A recent decision… serves as a cautionary tale for corporations and directors…

In 1999, Robert transferred all of his majority ownership interests in CIC to his son Campbell Walker, who then became the president of CIC. Campbell was also a director of the company.  Campbell retained these positions until 2014.  The other siblings remained minority owners of CIC.  While he was president of CIC, Campbell refused to provide his siblings with any financial information regarding the company, relocated all the company’s records to Nevada in violation of the by-laws and caused CIC to engage in a series of transactions with entities in which he had an interest.  Specifically, Campbell terminated the company’s existing management agreement with an entity in which all siblings held an interest and entered into a new agreement with an off-shore company (Darshan League, Ltd) that Campbell owned and controlled.  During his tenure Campbell caused CIC to pay over $3,000,000 to Darshan in management fees.  Neither the relationship with Darshan nor the payments were ever presented to the CIC board for consideration or approval by any of the disinterested directors.

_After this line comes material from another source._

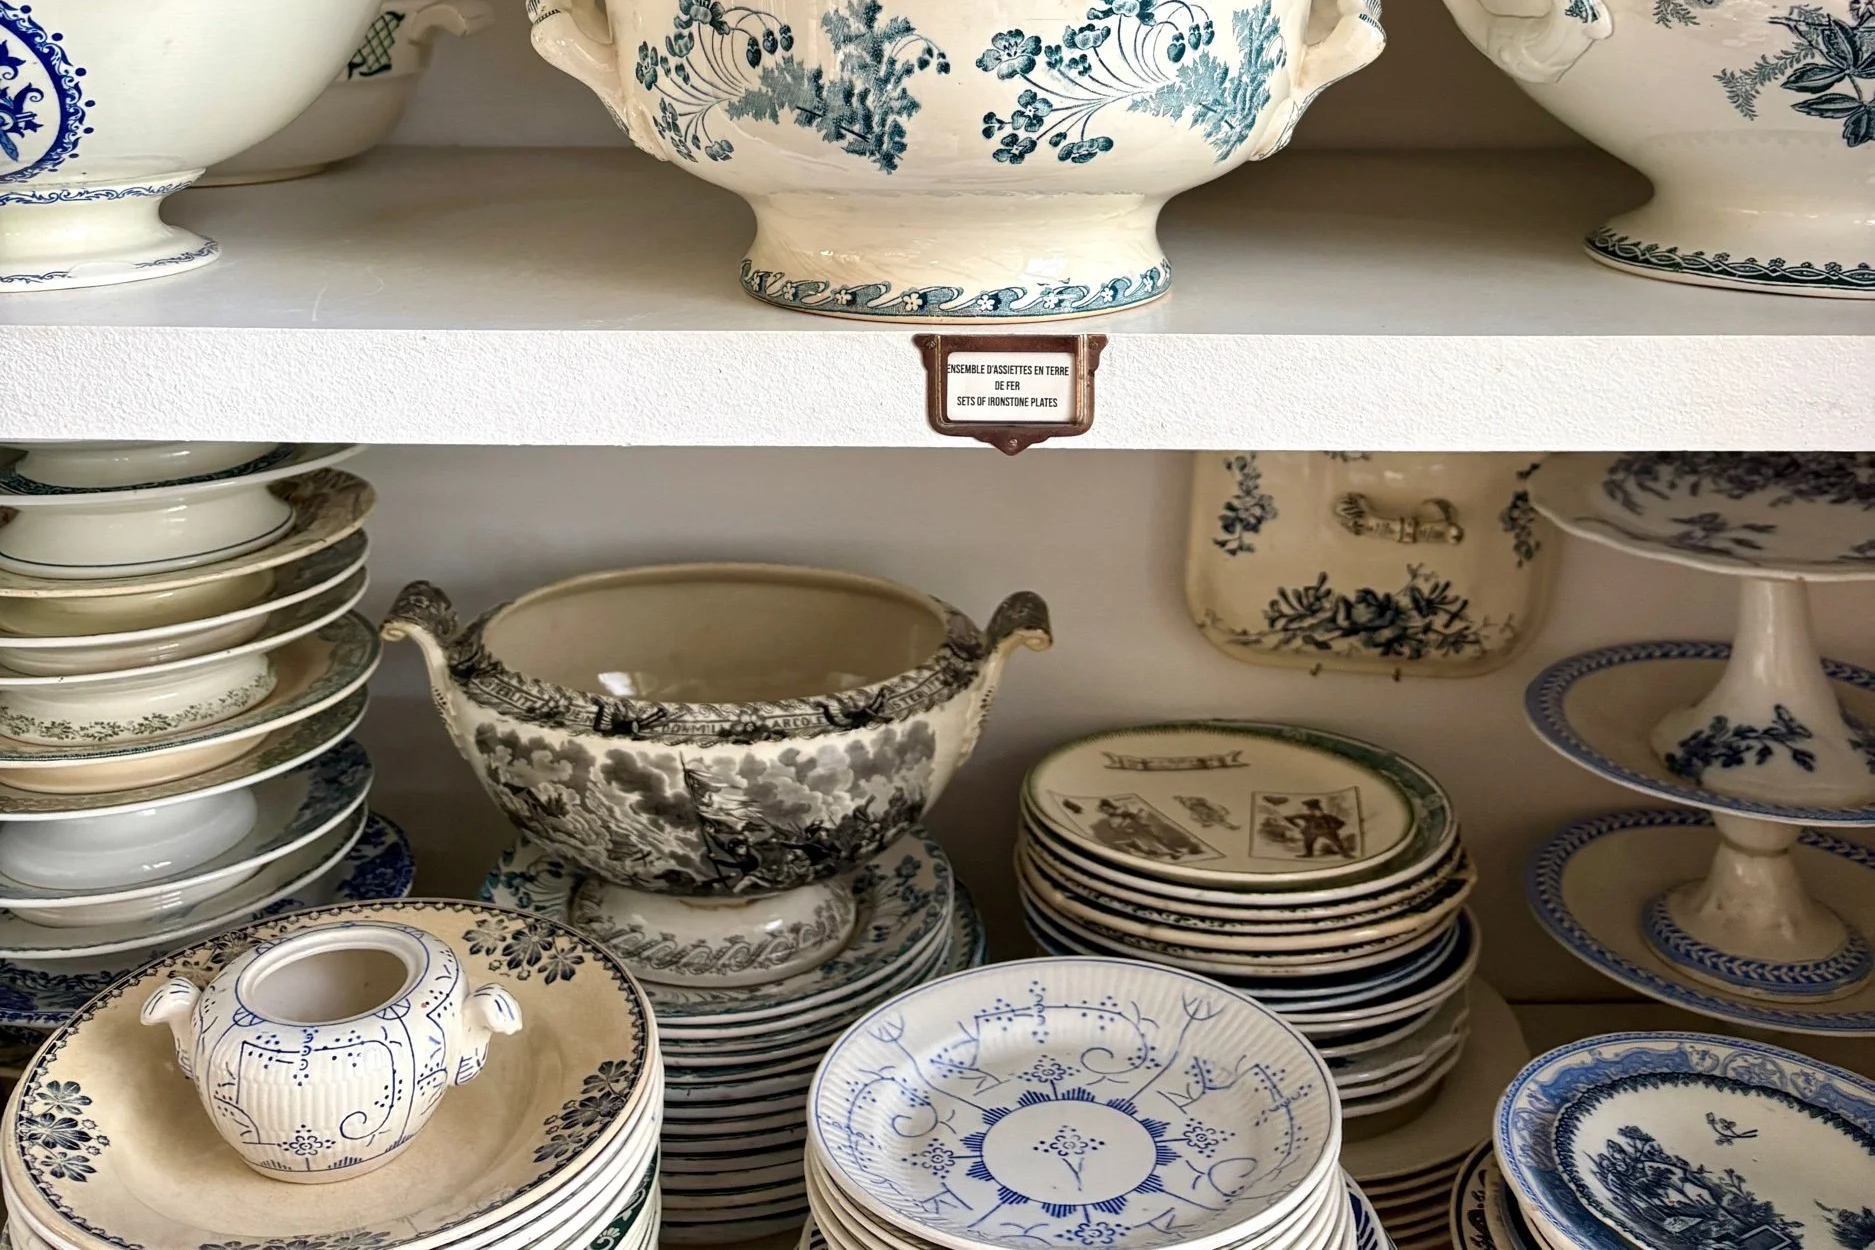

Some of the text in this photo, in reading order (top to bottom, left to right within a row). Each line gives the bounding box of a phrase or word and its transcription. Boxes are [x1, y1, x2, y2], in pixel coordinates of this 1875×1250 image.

The siblings voted to remove Campbell “for cause” based on these claimed misdeeds. CIC then sued Campbell for breach of fiduciary duty, claiming that he had entered a number of unauthorized “conflicting interest transactions.” At the summary judgment stage, the court ruled that Campbell had in fact breached his fiduciary duty by entering into the agreement with Darshan, by causing CIC to make those substantial payments to Darshan over the years, and by personally benefitting from those payments at the expense of CIC.  The court then conducted a trial on the damages to CIC.  After trial, the court made additional findings in support of the conclusion that Campbell breached his fiduciary duties:

  • CIC did not hold any board meetings or shareholder meetings while Campbell was president
  • Campbell created false minutes of board and shareholder meetings that never took place
  • Campbell directed $200,000 in “consulting fees” to be paid to his father
  • Campbell directed over $300,000 to be paid to him as reimbursement for “extensive international travel,” even though all of CIC’s business interests were based in the United States
  • Campbell caused certain of CIC’s interests in oil and gas wells to be transferred to companies which Campbell owned or managed
  • None of CIC’s business or management decisions were ever presented to the CIC board for approval
  • In particular, none of the transactions with the entities that Campbell owned or managed were presented to the board for approval by any disinterested board members

After trial, the court awarded CIC a judgment in excess of $4,500,000 as damages for Campbell’s improper conflicting interest transactions. Campbell has appealed this judgment to the Ninth Circuit Court of Appeals and it remains to be seen what will happen on further review.  Nonetheless, this case offers a stark reminder of the risks of inappropriate conflicting transactions.

  • For the company, there is a risk that a faithless director will engage in self-interested transactions, extract valuable assets or opportunities, and leave the company and its other stakeholders with the chore of bringing suit to recover the damages
  • For the director, there is the risk that a conflicting interest transaction will become voidable if not presented to independent directors in advance for approval. In such a case, the director may also be found liable in any later suit for the amounts transferred from the company in connection with the transaction

Directors should therefore be sure to carefully consider whether any transaction they propose between their company and themselves or a separate entity in which they have an interest qualifies as a conflicting transaction under the applicable state statute. If so, directors should present this transaction to the board for consideration and approval. For their parts, other corporate directors or shareholders should insist upon access to and receipt of timely and accurate corporate records so they can monitor the company’s (and the other directors’) performance.  Not only is doing so good corporate governance, but it also will promote and ensure transparency in the company’s decision making and help all parties avoid the risk of loss or liability.